What you need to do: Reproduce all of the records word for word, omitting the pictures.

::::

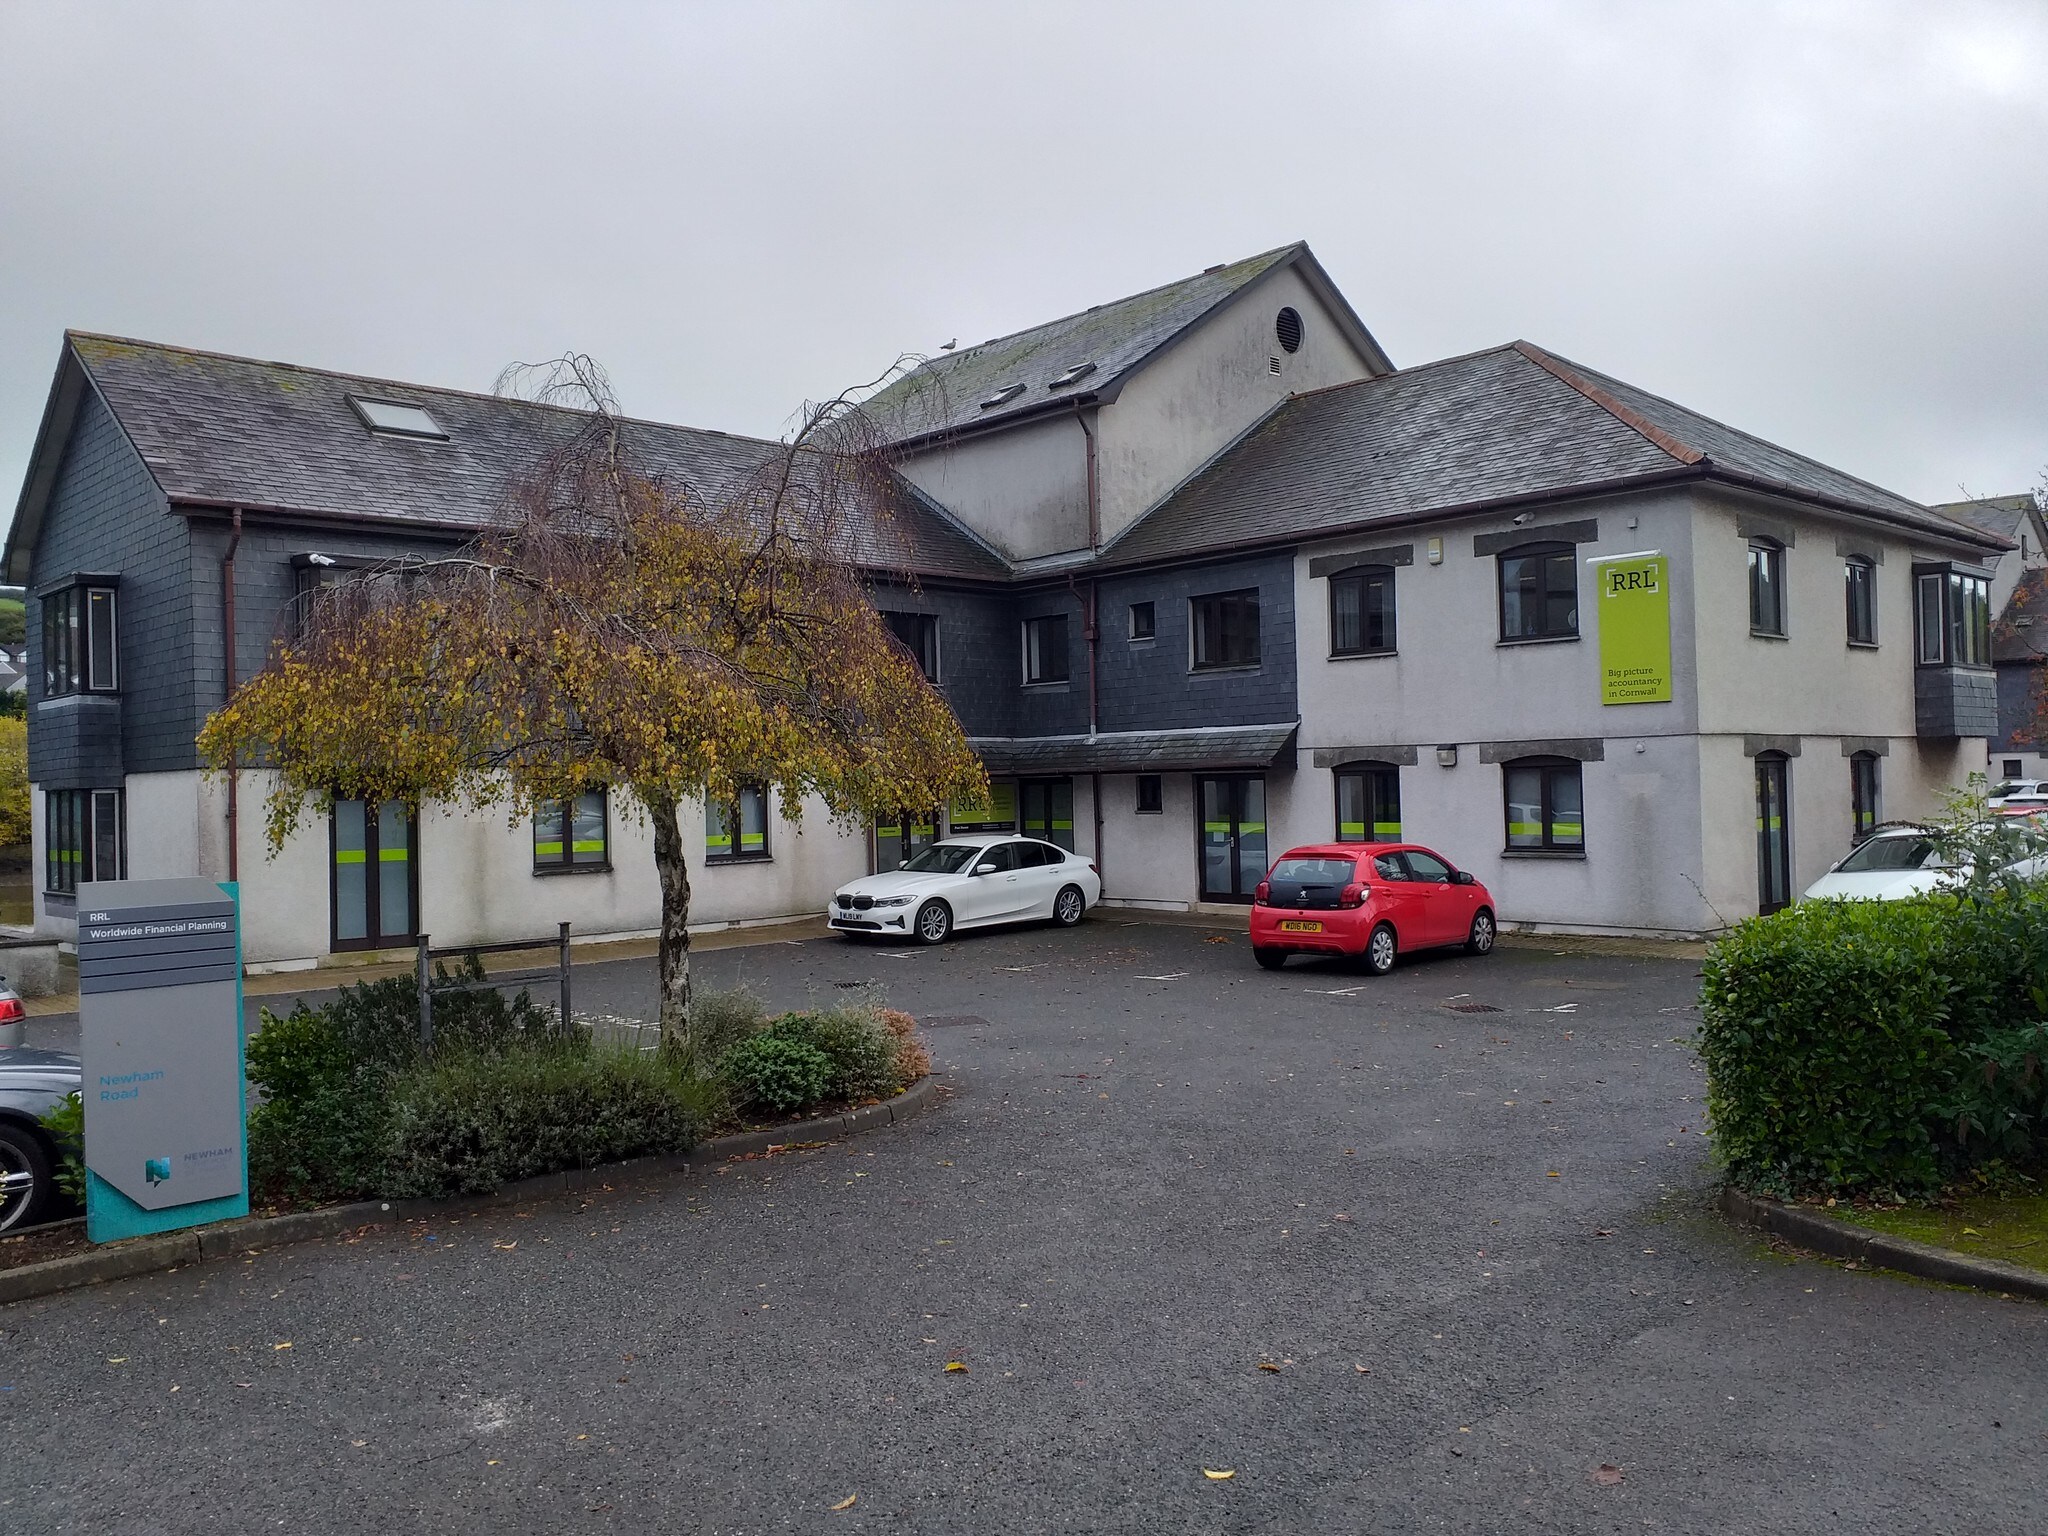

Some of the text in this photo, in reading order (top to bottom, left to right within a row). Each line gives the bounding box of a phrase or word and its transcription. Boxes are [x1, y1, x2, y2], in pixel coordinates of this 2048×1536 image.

[1612, 570, 1656, 591] RRL
[1608, 667, 1654, 679] Big picture
[1608, 677, 1662, 688] accountancy
[1608, 687, 1657, 698] in Cornwall
[90, 913, 111, 921] RRL
[90, 920, 227, 939] Worldwide Financial Planning
[1285, 921, 1318, 931] WD16 NGO
[100, 1070, 164, 1086] Newham
[100, 1086, 138, 1101] Road
[184, 1147, 233, 1161] NEWHAM
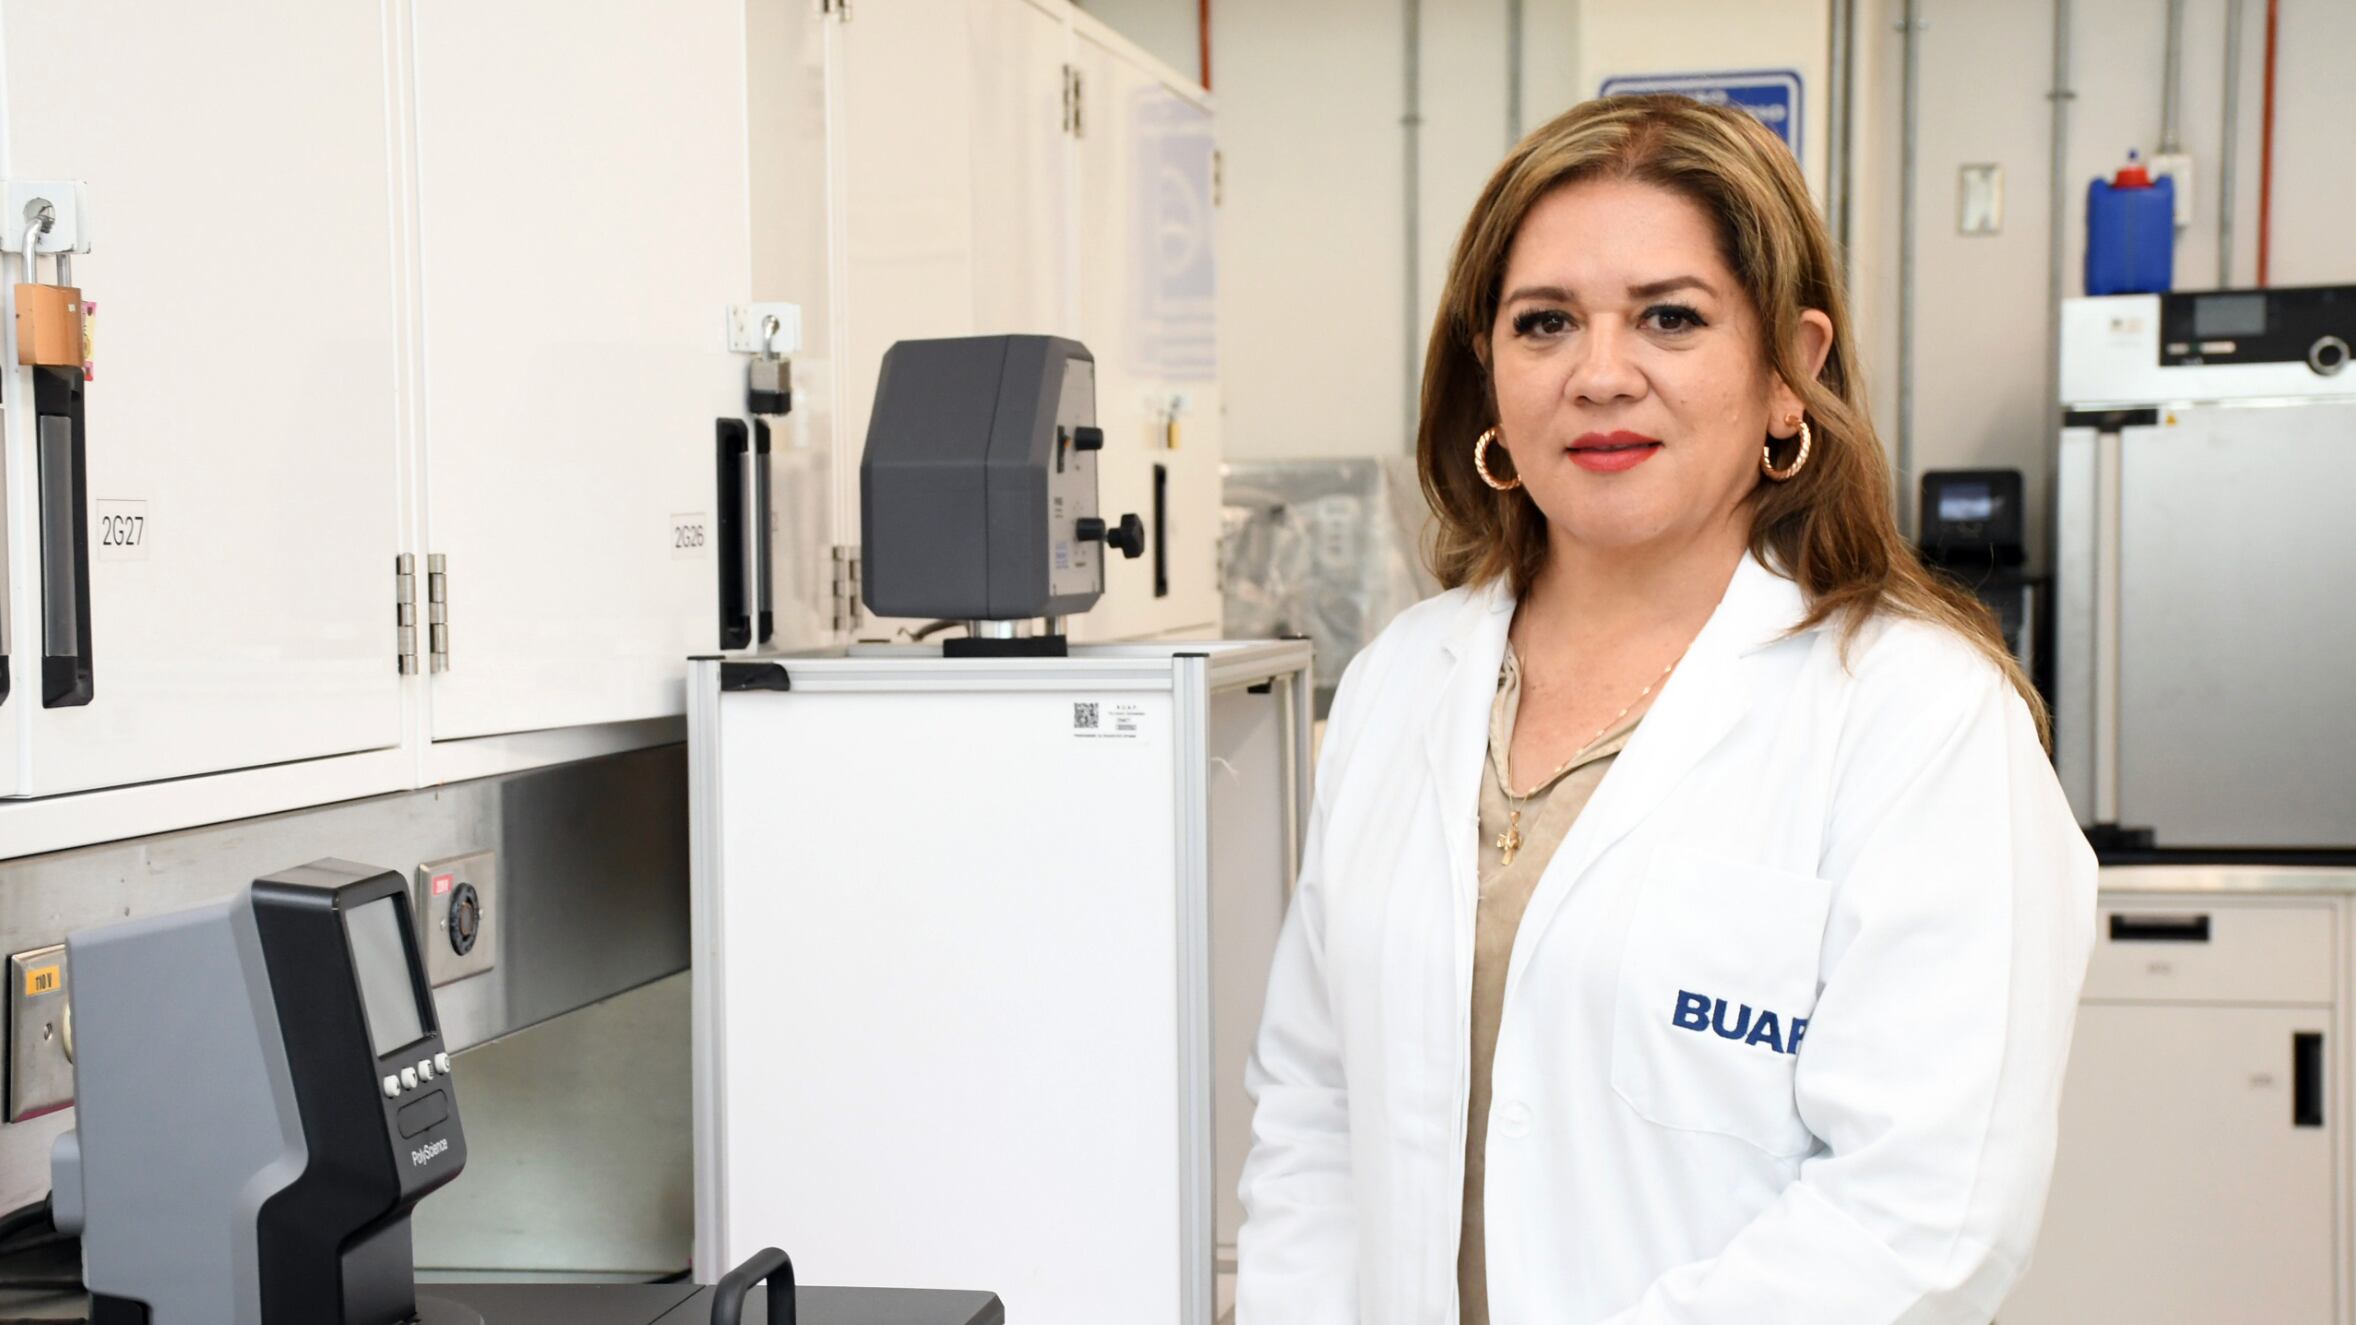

::::

Answer section:
Some of the text in this photo, in reading order (top to bottom, left to right within a row). Each line gives the bounding box of a phrase or word and its transcription. Boxes are [x1, y1, x2, y2], in pixel coordinates of this 2048×1536 image.

[1612, 570, 1656, 591] RRL
[1608, 667, 1654, 679] Big picture
[1608, 677, 1662, 688] accountancy
[1608, 687, 1657, 698] in Cornwall
[90, 913, 111, 921] RRL
[90, 920, 227, 939] Worldwide Financial Planning
[1285, 921, 1318, 931] WD16 NGO
[100, 1070, 164, 1086] Newham
[100, 1086, 138, 1101] Road
[184, 1147, 233, 1161] NEWHAM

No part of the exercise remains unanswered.